Aim of the exercise: Could you output only the lines from the one containing "this 1646×1500 image." through the last line of the data, both included?

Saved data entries

-- -- --

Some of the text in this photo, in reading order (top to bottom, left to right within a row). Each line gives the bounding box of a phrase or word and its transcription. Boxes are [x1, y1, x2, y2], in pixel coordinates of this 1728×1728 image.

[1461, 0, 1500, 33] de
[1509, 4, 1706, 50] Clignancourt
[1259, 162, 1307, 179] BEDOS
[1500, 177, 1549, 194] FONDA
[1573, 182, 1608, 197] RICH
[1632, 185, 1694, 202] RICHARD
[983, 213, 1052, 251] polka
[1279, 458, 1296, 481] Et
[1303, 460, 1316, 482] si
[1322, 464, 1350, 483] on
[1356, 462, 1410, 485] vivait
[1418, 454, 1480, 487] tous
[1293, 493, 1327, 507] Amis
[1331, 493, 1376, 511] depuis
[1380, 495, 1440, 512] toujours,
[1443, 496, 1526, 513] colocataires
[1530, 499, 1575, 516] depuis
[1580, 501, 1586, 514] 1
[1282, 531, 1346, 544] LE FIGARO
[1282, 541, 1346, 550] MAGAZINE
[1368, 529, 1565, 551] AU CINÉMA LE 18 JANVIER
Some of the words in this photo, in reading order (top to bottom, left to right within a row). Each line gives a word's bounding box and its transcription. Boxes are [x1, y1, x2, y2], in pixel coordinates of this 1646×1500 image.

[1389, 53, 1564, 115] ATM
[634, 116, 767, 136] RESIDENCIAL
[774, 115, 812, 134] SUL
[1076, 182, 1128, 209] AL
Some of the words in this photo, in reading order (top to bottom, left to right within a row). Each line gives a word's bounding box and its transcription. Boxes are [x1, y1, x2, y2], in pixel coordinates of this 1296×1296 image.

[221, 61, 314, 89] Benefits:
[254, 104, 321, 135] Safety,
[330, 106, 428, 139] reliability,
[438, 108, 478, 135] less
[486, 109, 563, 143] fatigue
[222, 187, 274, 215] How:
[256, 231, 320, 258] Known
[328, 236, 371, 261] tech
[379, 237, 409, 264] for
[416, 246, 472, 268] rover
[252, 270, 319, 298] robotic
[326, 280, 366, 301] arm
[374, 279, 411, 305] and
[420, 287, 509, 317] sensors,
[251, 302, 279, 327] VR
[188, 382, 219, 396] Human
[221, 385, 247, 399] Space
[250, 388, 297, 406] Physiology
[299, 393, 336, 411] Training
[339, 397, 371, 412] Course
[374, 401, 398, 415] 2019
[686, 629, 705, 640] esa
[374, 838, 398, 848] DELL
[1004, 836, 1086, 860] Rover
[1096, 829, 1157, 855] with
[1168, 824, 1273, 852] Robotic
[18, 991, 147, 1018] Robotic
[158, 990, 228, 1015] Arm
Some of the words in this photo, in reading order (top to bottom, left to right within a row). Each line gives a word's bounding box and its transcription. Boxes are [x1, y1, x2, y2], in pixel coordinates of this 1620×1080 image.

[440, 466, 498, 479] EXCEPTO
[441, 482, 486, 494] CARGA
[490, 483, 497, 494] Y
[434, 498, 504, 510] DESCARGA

-- -- --

Exercise response:
Some of the words in this photo, in reading order (top to bottom, left to right within a row). Each line gives a word's bounding box and its transcription. Boxes are [x1, y1, x2, y2], in pixel coordinates of this 1646×1500 image.

[1389, 53, 1564, 115] ATM
[634, 116, 767, 136] RESIDENCIAL
[774, 115, 812, 134] SUL
[1076, 182, 1128, 209] AL
Some of the words in this photo, in reading order (top to bottom, left to right within a row). Each line gives a word's bounding box and its transcription. Boxes are [x1, y1, x2, y2], in pixel coordinates of this 1296×1296 image.

[221, 61, 314, 89] Benefits:
[254, 104, 321, 135] Safety,
[330, 106, 428, 139] reliability,
[438, 108, 478, 135] less
[486, 109, 563, 143] fatigue
[222, 187, 274, 215] How:
[256, 231, 320, 258] Known
[328, 236, 371, 261] tech
[379, 237, 409, 264] for
[416, 246, 472, 268] rover
[252, 270, 319, 298] robotic
[326, 280, 366, 301] arm
[374, 279, 411, 305] and
[420, 287, 509, 317] sensors,
[251, 302, 279, 327] VR
[188, 382, 219, 396] Human
[221, 385, 247, 399] Space
[250, 388, 297, 406] Physiology
[299, 393, 336, 411] Training
[339, 397, 371, 412] Course
[374, 401, 398, 415] 2019
[686, 629, 705, 640] esa
[374, 838, 398, 848] DELL
[1004, 836, 1086, 860] Rover
[1096, 829, 1157, 855] with
[1168, 824, 1273, 852] Robotic
[18, 991, 147, 1018] Robotic
[158, 990, 228, 1015] Arm
Some of the words in this photo, in reading order (top to bottom, left to right within a row). Each line gives a word's bounding box and its transcription. Boxes are [x1, y1, x2, y2], in pixel coordinates of this 1620×1080 image.

[440, 466, 498, 479] EXCEPTO
[441, 482, 486, 494] CARGA
[490, 483, 497, 494] Y
[434, 498, 504, 510] DESCARGA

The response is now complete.